▶ **Extracted data**:
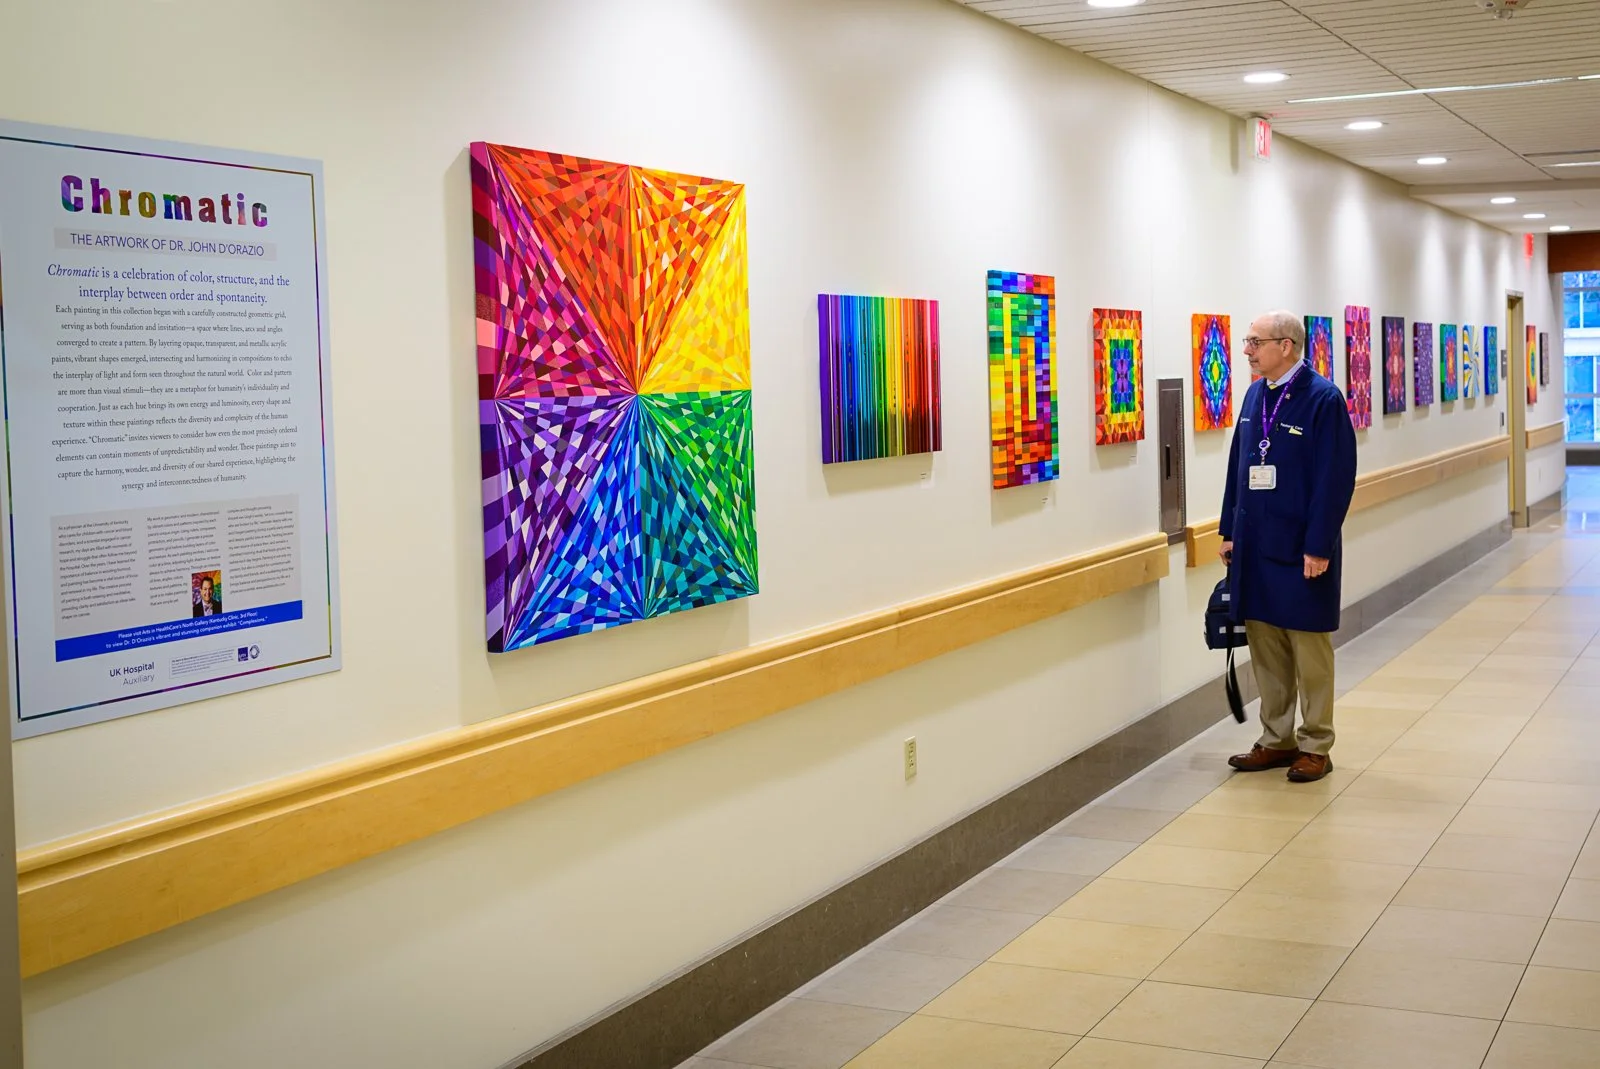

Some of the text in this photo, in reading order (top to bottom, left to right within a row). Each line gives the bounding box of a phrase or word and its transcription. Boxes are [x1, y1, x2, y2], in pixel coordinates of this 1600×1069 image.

[61, 175, 268, 227] Chromatic
[70, 233, 264, 256] THE ARTWORK OF DR. JOHN D'ORAZIO
[47, 264, 99, 277] Chromatic
[102, 267, 109, 278] is
[121, 268, 174, 281] celebration
[177, 270, 188, 281] of
[189, 271, 214, 284] color,
[216, 273, 257, 286] structure,
[259, 274, 274, 285] and
[276, 274, 289, 286] the
[79, 286, 267, 306] interplay between order and spontaneity.
[55, 305, 71, 313] Each
[73, 306, 100, 316] painting
[109, 306, 121, 314] this
[153, 307, 170, 317] began
[191, 308, 215, 318] carefully
[60, 322, 84, 331] serving
[110, 322, 143, 330] foundation
[196, 325, 211, 333] space
[56, 338, 89, 347] converged
[149, 338, 157, 348] By
[158, 338, 181, 348] layering
[74, 354, 96, 362] vibrant
[98, 354, 119, 364] shapes
[149, 354, 183, 363] intersecting
[196, 354, 230, 363] harmonizing
[65, 370, 93, 380] interplay
[95, 370, 103, 378] of
[103, 370, 117, 380] light
[163, 369, 195, 379] throughout
[103, 386, 121, 394] visual
[179, 384, 206, 394] metaphor
[97, 403, 110, 412] Just
[135, 401, 146, 409] hue
[189, 401, 208, 409] energy
[86, 419, 107, 427] within
[109, 418, 125, 426] these
[126, 417, 154, 427] paintings
[155, 416, 176, 424] reflects
[177, 415, 187, 423] the
[188, 415, 211, 424] diversity
[128, 433, 148, 441] invites
[180, 430, 203, 438] consider
[205, 429, 216, 437] how
[55, 453, 83, 461] elements
[123, 449, 150, 457] moments
[160, 445, 204, 457] unpredictability
[206, 444, 216, 452] and
[57, 470, 81, 479] capture
[83, 468, 94, 476] the
[150, 463, 161, 471] and
[162, 462, 186, 471] diversity
[206, 459, 224, 467] shared
[121, 482, 143, 491] synergy
[146, 479, 157, 487] and
[158, 475, 212, 486] interconnectedness
[109, 662, 154, 676] UK Hospital
[122, 675, 154, 685] Auxiliary

▶ **Problem**: For every line in the records above that holds "Chromatic", add one, and report the sum alone.

▶ **Solution to this problem**: 2